• _THE TASK_
All entries below are to be retyped in full, precisely as they appear.

• _RECORD SET_
[Start of section]
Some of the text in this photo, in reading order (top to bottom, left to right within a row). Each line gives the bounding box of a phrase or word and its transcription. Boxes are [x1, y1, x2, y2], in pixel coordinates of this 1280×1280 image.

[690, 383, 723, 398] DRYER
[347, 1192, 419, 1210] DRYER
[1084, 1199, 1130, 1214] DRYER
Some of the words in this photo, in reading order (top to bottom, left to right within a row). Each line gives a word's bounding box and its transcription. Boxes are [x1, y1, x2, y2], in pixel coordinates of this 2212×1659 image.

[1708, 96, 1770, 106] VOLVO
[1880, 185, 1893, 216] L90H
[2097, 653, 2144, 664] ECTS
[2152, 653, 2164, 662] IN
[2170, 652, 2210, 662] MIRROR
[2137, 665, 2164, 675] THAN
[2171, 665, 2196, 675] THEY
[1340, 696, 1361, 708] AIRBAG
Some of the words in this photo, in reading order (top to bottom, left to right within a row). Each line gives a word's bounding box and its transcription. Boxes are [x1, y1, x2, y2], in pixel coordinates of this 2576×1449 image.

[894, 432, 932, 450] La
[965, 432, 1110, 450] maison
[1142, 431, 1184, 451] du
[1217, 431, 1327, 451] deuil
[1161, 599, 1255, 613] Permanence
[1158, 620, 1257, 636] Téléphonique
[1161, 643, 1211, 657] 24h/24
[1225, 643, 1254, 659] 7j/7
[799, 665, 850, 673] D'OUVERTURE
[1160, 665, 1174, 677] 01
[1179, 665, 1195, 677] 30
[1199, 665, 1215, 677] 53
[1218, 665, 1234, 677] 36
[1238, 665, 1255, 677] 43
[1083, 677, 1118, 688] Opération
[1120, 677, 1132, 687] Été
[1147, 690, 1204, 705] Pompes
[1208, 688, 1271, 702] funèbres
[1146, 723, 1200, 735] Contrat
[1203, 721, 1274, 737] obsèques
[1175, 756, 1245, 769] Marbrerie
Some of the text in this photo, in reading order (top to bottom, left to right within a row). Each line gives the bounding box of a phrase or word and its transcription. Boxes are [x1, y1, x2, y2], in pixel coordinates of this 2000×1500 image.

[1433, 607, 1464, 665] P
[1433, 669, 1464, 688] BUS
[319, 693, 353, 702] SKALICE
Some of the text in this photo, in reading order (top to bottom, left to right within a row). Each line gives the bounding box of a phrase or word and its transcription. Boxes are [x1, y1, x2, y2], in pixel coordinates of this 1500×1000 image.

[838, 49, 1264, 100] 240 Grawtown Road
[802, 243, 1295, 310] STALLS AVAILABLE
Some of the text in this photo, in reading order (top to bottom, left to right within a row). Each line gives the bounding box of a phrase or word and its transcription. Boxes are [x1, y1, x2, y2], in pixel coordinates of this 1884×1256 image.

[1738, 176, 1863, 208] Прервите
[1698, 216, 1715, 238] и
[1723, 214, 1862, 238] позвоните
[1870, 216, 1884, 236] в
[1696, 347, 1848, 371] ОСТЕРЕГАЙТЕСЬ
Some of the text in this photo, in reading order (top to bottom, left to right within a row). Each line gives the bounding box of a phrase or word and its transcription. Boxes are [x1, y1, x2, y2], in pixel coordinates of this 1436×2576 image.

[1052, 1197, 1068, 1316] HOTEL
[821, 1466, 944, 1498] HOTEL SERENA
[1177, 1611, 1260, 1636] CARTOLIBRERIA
[End of section]
• _OUTPUT BELOW_
Some of the text in this photo, in reading order (top to bottom, left to right within a row). Each line gives the bounding box of a phrase or word and its transcription. Boxes are [x1, y1, x2, y2], in pixel coordinates of this 1280×1280 image.

[690, 383, 723, 398] DRYER
[347, 1192, 419, 1210] DRYER
[1084, 1199, 1130, 1214] DRYER
Some of the words in this photo, in reading order (top to bottom, left to right within a row). Each line gives a word's bounding box and its transcription. Boxes are [x1, y1, x2, y2], in pixel coordinates of this 2212×1659 image.

[1708, 96, 1770, 106] VOLVO
[1880, 185, 1893, 216] L90H
[2097, 653, 2144, 664] ECTS
[2152, 653, 2164, 662] IN
[2170, 652, 2210, 662] MIRROR
[2137, 665, 2164, 675] THAN
[2171, 665, 2196, 675] THEY
[1340, 696, 1361, 708] AIRBAG
Some of the words in this photo, in reading order (top to bottom, left to right within a row). Each line gives a word's bounding box and its transcription. Boxes are [x1, y1, x2, y2], in pixel coordinates of this 2576×1449 image.

[894, 432, 932, 450] La
[965, 432, 1110, 450] maison
[1142, 431, 1184, 451] du
[1217, 431, 1327, 451] deuil
[1161, 599, 1255, 613] Permanence
[1158, 620, 1257, 636] Téléphonique
[1161, 643, 1211, 657] 24h/24
[1225, 643, 1254, 659] 7j/7
[799, 665, 850, 673] D'OUVERTURE
[1160, 665, 1174, 677] 01
[1179, 665, 1195, 677] 30
[1199, 665, 1215, 677] 53
[1218, 665, 1234, 677] 36
[1238, 665, 1255, 677] 43
[1083, 677, 1118, 688] Opération
[1120, 677, 1132, 687] Été
[1147, 690, 1204, 705] Pompes
[1208, 688, 1271, 702] funèbres
[1146, 723, 1200, 735] Contrat
[1203, 721, 1274, 737] obsèques
[1175, 756, 1245, 769] Marbrerie
Some of the text in this photo, in reading order (top to bottom, left to right within a row). Each line gives the bounding box of a phrase or word and its transcription. Boxes are [x1, y1, x2, y2], in pixel coordinates of this 2000×1500 image.

[1433, 607, 1464, 665] P
[1433, 669, 1464, 688] BUS
[319, 693, 353, 702] SKALICE
Some of the text in this photo, in reading order (top to bottom, left to right within a row). Each line gives the bounding box of a phrase or word and its transcription. Boxes are [x1, y1, x2, y2], in pixel coordinates of this 1500×1000 image.

[838, 49, 1264, 100] 240 Grawtown Road
[802, 243, 1295, 310] STALLS AVAILABLE
Some of the text in this photo, in reading order (top to bottom, left to right within a row). Each line gives the bounding box of a phrase or word and its transcription. Boxes are [x1, y1, x2, y2], in pixel coordinates of this 1884×1256 image.

[1738, 176, 1863, 208] Прервите
[1698, 216, 1715, 238] и
[1723, 214, 1862, 238] позвоните
[1870, 216, 1884, 236] в
[1696, 347, 1848, 371] ОСТЕРЕГАЙТЕСЬ
Some of the text in this photo, in reading order (top to bottom, left to right within a row). Each line gives the bounding box of a phrase or word and its transcription. Boxes are [x1, y1, x2, y2], in pixel coordinates of this 1436×2576 image.

[1052, 1197, 1068, 1316] HOTEL
[821, 1466, 944, 1498] HOTEL SERENA
[1177, 1611, 1260, 1636] CARTOLIBRERIA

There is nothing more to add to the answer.